The interest rate of an SBLOC is usually variable, meaning it can change over time based on market conditions and the prime rate. The interest rate is also influenced by the amount of assets you have at the brokerage firm and the amount of credit you use. Generally, the more assets you have and the less credit you use, the lower your interest rate will be.

The repayment schedule of an SBLOC is flexible, meaning you can choose how much and how often to pay back the principal amount you borrow. You only have to pay the monthly interest on the outstanding balance, which is usually deducted from your brokerage account. You can also make additional payments toward the principal at any time, without any prepayment penalties.

The draw period of an SBLOC is the time during which you can access the funds from your credit line, up to your limit. The draw period is usually the same as the maturity date, which is usually 10 years from the date of approval. During the draw period, you can draw funds from your SBLOC as many times as you need, as long as you do not exceed your credit limit.

You can access the funds from your SBLOC by requesting a wire transfer, a check, or a direct deposit to your bank account. You can also use a debit card or a check linked to your SBLOC account to make purchases or payments. The funds are usually available within a few days of your request, depending on the method of delivery.

SBLOC Vs Margin Loan

A margin loan and an SBLOC are both types of securities-based lending, which means they use your investment portfolio as collateral. However, there are some key differences between them, such as:

  • A margin loan allows you to use the borrowed funds to purchase more securities, while an SBLOC does not.

  • A margin loan has a fixed loan-to-value ratio, which is the percentage of the market value of your securities that you can borrow, while an SBLOC has a variable loan-to-value ratio that depends on the type and volatility of your securities.

  • A margin loan has a variable interest rate that is based on your loan debit balance, while an SBLOC has a variable interest rate that is based on your credit limit and the amount of assets you have at the brokerage firm.

  • A margin loan requires monthly payments of interest and principal, while an SBLOC only requires monthly payments of interest and allows you to choose your own repayment schedule for the principal.

What are the Benefits of an SBLOC?

An SBLOC can offer several benefits for investors who need liquidity for various purposes, such as:

  • Real estate: You can use an SBLOC to purchase or renovate a property that you intend to rent out for income or sell for a profit. You can use the rental income or the proceeds from the sale to pay off the SBLOC and generate cash flow or equity.

  • Business capital: You can use an SBLOC to finance the start-up or expansion of a business, such as buying equipment, inventory, or marketing. You can use the income from the business to pay off the SBLOC and grow your enterprise.

  • Luxury purchases: You can use an SBLOC to buy a car, a boat, a vacation, or any other luxury item that you desire. You can enjoy the benefits of your purchase while paying off the SBLOC over time.
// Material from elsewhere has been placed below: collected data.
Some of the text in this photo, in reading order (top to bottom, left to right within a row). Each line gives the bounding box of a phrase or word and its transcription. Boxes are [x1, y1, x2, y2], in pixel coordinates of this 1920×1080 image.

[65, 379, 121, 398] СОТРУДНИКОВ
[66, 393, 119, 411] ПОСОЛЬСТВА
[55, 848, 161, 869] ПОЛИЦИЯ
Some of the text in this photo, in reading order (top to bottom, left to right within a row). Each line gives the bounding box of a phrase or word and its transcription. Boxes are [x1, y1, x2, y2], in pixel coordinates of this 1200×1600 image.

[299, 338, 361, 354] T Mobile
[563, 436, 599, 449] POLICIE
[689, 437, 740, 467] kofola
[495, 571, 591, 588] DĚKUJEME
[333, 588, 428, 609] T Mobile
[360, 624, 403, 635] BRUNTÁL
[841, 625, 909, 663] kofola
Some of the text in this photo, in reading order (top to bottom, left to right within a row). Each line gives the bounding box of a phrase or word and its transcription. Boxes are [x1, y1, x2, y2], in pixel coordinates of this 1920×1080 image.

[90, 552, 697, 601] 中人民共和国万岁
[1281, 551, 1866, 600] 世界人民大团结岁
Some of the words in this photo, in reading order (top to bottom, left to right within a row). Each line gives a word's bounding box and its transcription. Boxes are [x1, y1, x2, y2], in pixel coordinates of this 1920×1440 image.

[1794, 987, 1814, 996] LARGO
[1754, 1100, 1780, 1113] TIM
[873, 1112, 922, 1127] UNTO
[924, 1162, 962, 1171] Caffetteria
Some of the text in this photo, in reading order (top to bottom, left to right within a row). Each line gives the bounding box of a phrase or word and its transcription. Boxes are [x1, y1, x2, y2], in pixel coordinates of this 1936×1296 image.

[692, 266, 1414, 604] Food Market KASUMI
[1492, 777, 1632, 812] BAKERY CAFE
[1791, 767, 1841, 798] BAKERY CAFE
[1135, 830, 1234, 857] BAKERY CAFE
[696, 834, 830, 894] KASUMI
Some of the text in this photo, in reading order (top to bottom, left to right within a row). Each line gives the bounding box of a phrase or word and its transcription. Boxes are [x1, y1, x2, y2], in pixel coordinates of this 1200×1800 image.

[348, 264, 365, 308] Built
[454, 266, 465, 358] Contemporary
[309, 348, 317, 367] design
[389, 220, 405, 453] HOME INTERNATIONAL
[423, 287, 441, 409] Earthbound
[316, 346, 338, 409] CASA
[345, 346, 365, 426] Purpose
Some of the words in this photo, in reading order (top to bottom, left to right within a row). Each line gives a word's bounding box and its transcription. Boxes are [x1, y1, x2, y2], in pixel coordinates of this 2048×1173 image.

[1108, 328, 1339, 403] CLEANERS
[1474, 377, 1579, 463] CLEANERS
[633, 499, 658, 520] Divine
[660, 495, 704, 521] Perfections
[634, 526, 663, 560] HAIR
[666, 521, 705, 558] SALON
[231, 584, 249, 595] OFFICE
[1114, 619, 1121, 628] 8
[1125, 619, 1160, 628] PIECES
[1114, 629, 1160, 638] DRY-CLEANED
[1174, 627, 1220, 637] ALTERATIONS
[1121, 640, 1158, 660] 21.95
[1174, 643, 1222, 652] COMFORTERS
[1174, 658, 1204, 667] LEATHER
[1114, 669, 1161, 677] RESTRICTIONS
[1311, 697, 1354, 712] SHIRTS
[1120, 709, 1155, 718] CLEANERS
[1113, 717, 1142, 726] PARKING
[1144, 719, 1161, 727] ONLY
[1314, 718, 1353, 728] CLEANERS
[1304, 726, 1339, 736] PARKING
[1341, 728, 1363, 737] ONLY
  • Safety net: You can use an SBLOC as a backup source of funds in case of an emergency or an unexpected expense, such as medical bills, home repairs, or education costs. You can avoid tapping into your savings or selling your securities and pay off the SBLOC when you have the means.

Another benefit of an SBLOC is that you can avoid triggering capital gains taxes by using an SBLOC instead of selling your securities. You can also deduct the interest you pay on the SBLOC if you use it for investment purposes, such as real estate or business.

3 Risks of Using an SBLOC

An SBLOC also comes with some risks and challenges that you should be aware of, such as:

  • Market volatility: The value of your securities can fluctuate due to market movements and the performance of your investments. If the value of your securities decreases, you must still repay the loan. You should consult with your financial advisor or your portfolio manager to better understand the level of risk associated with your assets.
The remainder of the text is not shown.